Здесь Пендрейк остановился в замешательстве. В этой записке речь могла идти только о его двигателе. Но что все это значит? Он продолжил чтение:
«По мере увеличения количества оборотов в минуту, вектор давления начнет быстро смещаться к горизонтальной плоскости, пока, при достижении примерно пятисот оборотов, тяга не будет направлена по оси самолета, а все боковые и противодействующие моменты погасятся. Именно на этой стадии двигатель можно толкать вдоль стержня, но не наоборот.
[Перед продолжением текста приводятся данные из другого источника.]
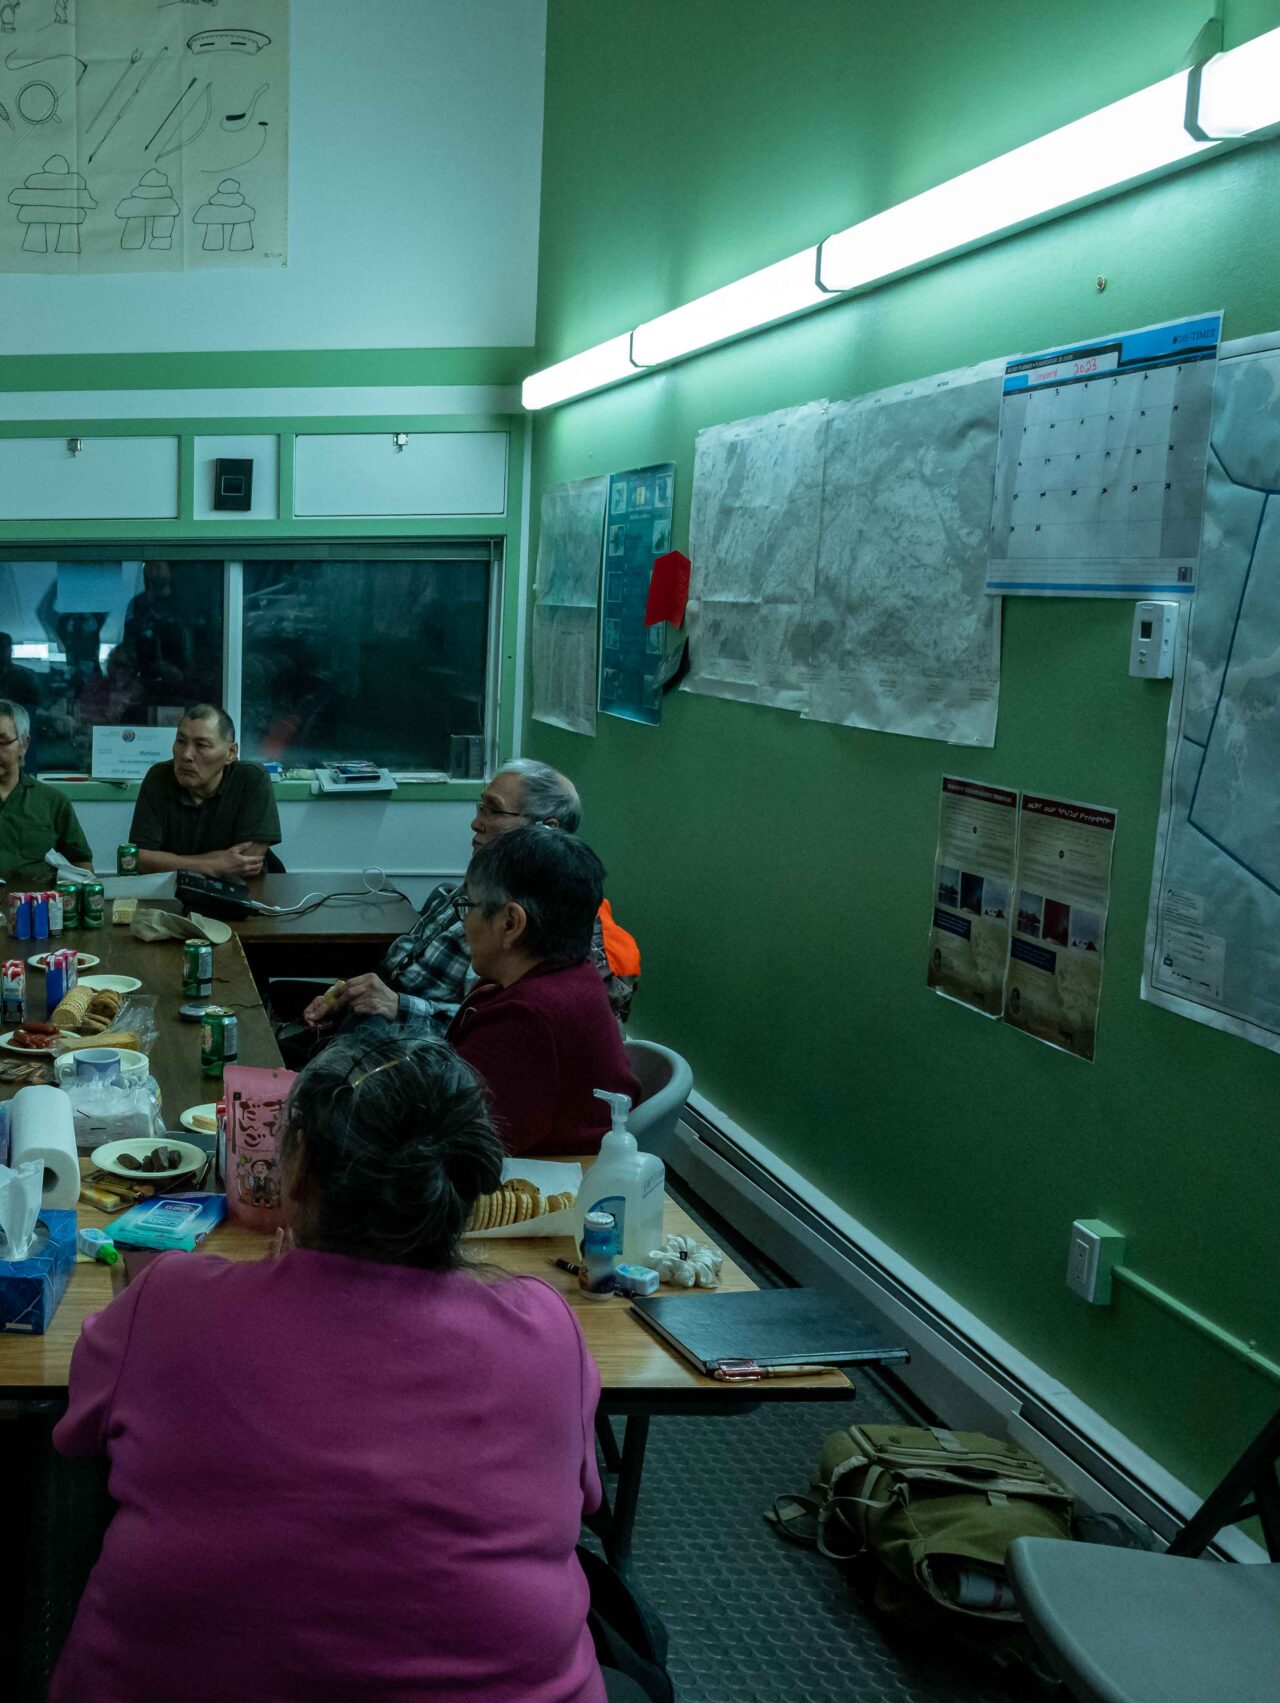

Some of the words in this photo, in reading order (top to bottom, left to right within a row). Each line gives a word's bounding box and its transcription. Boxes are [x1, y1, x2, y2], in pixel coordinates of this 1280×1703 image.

[1073, 357, 1098, 376] 2023
[238, 1100, 266, 1148] だんご
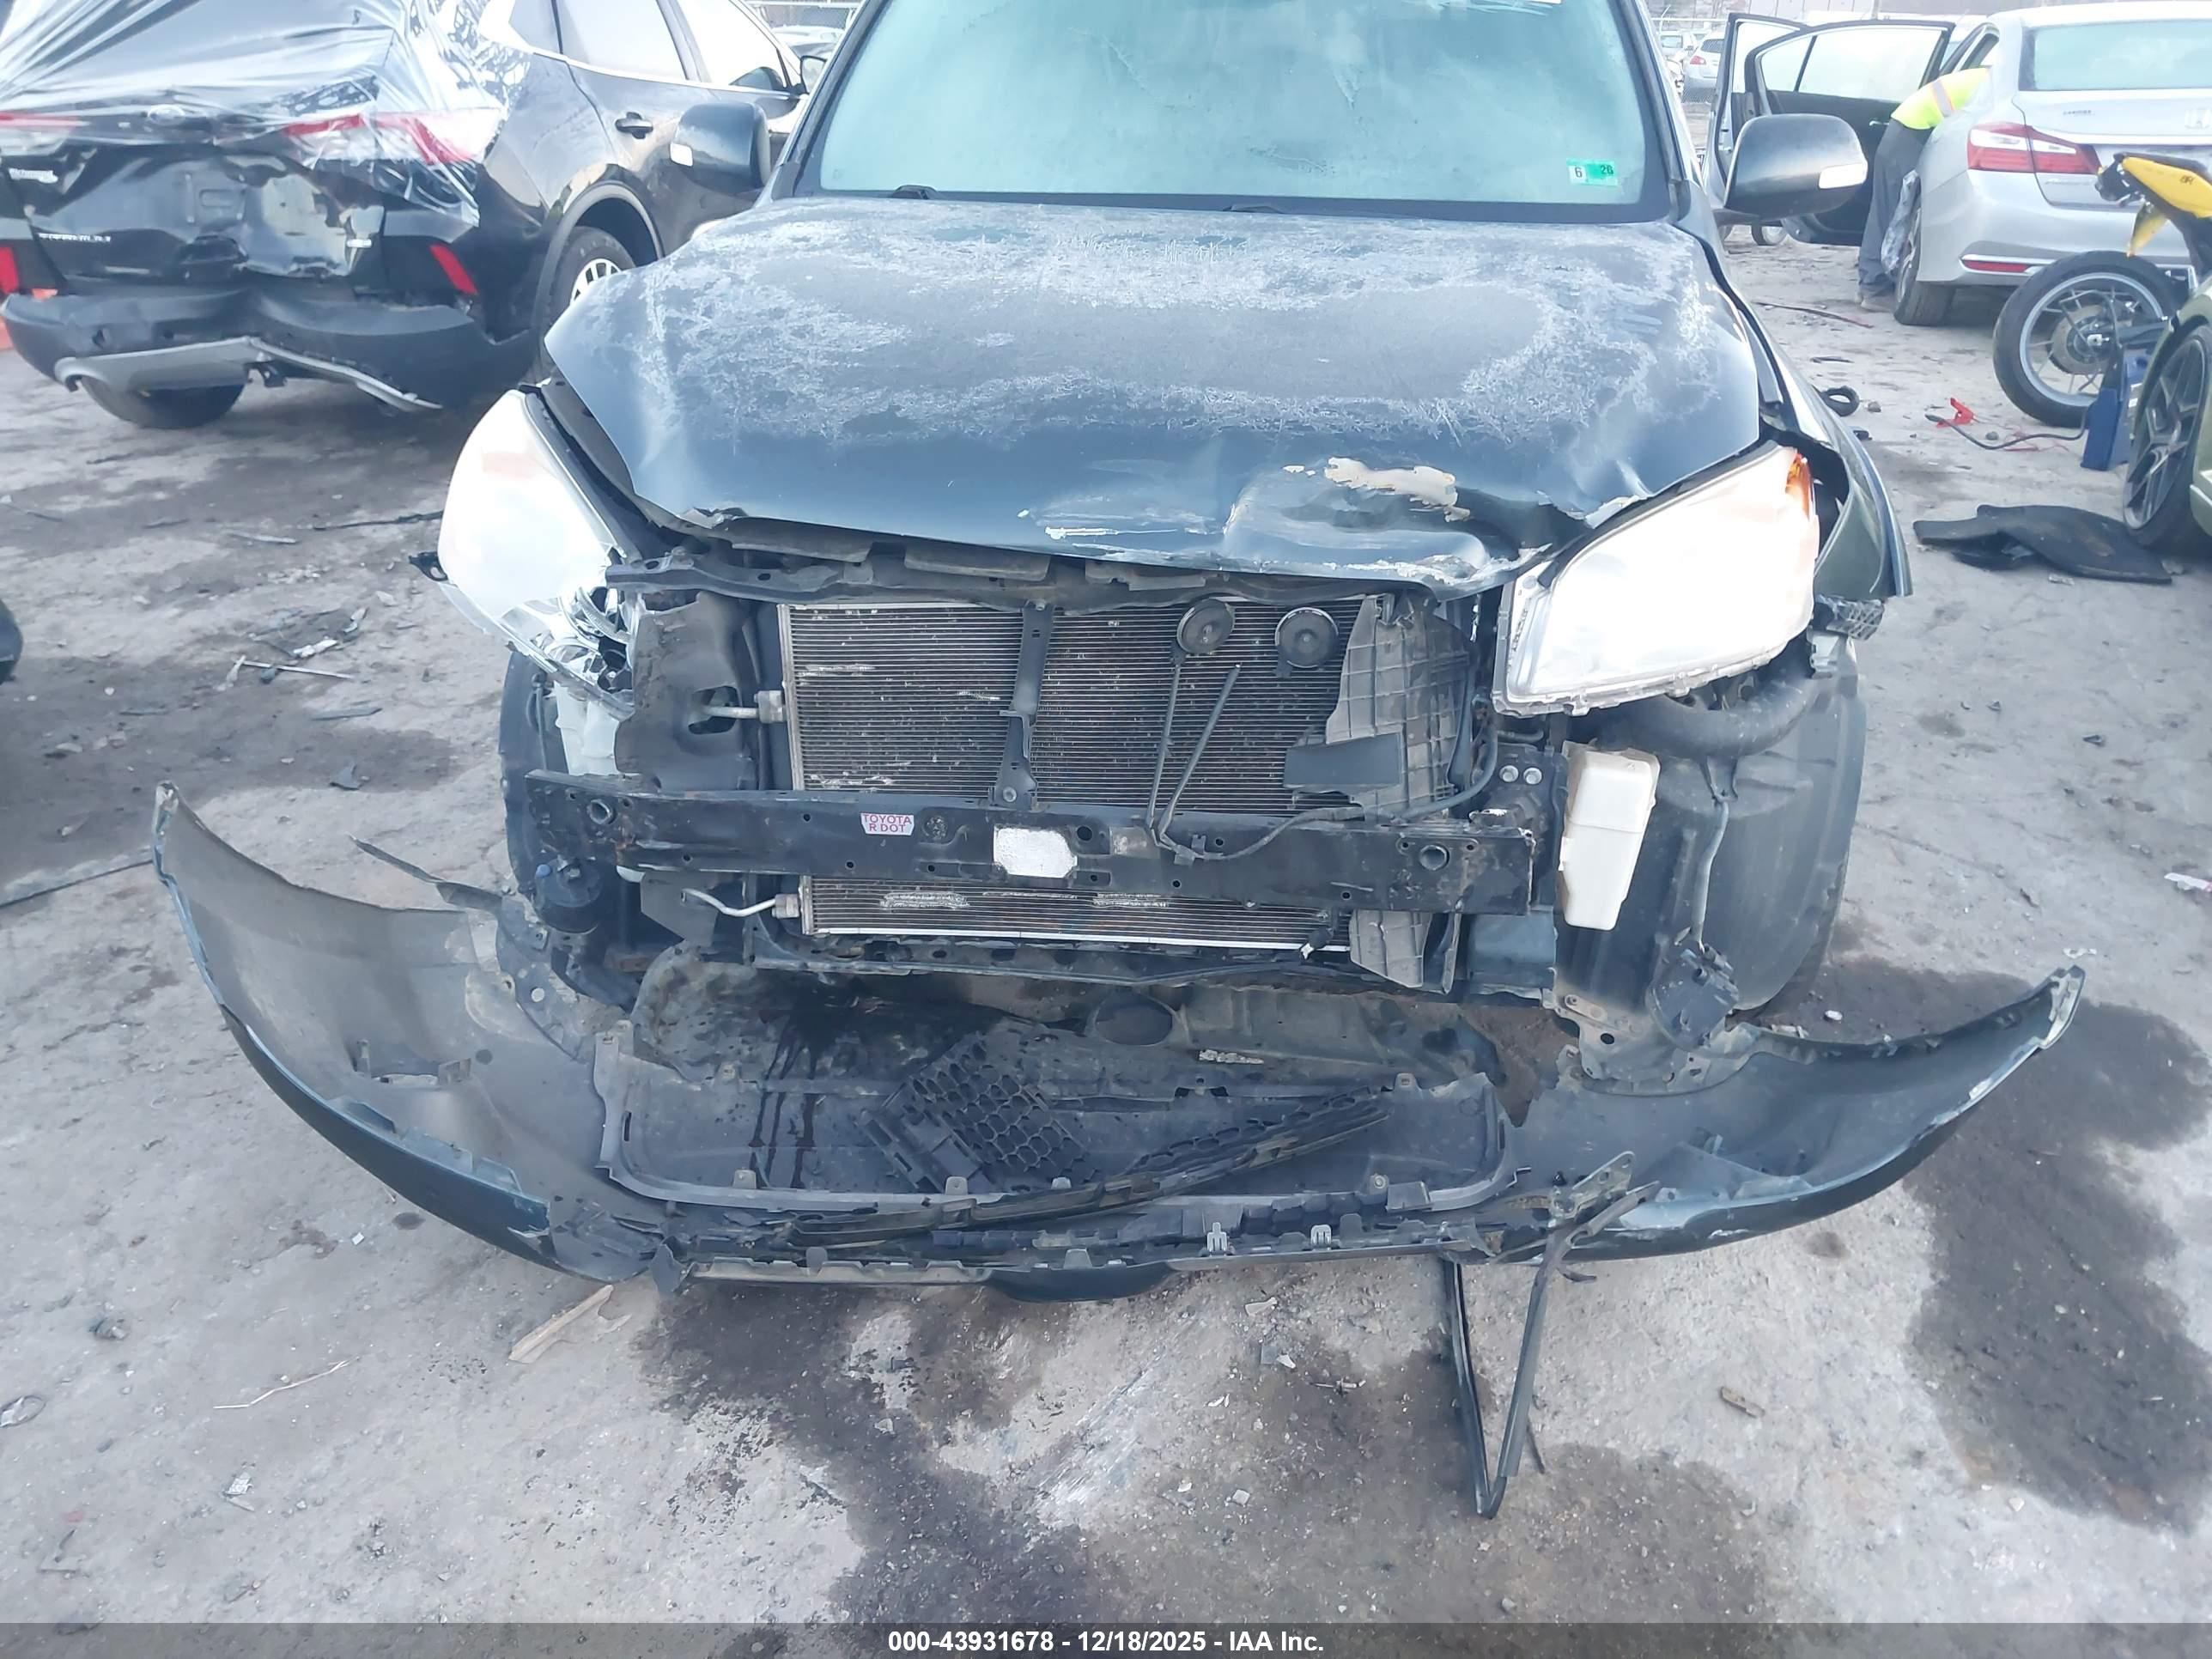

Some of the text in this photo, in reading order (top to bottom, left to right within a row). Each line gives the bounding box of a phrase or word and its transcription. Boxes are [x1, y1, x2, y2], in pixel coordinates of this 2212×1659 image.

Напряжение поля так велико, что…»
Прочитав упоминание о стержне, Пендрейк уже не сомневался. Он слишком хорошо помнил на собственном горьком опыте, что стержень нельзя вытащить из двигателя.
Итак, волшебником атомного века оказался доктор Грейсон.
Совершенно неожиданно Пендрейк почувствовал слабость. Он откинулся на спинку кресла, когда непонятно почему закружилась голова. Он подумал: «Нужно встать и убираться отсюда. Теперь, когда я знаю, мне тем более нельзя попадаться».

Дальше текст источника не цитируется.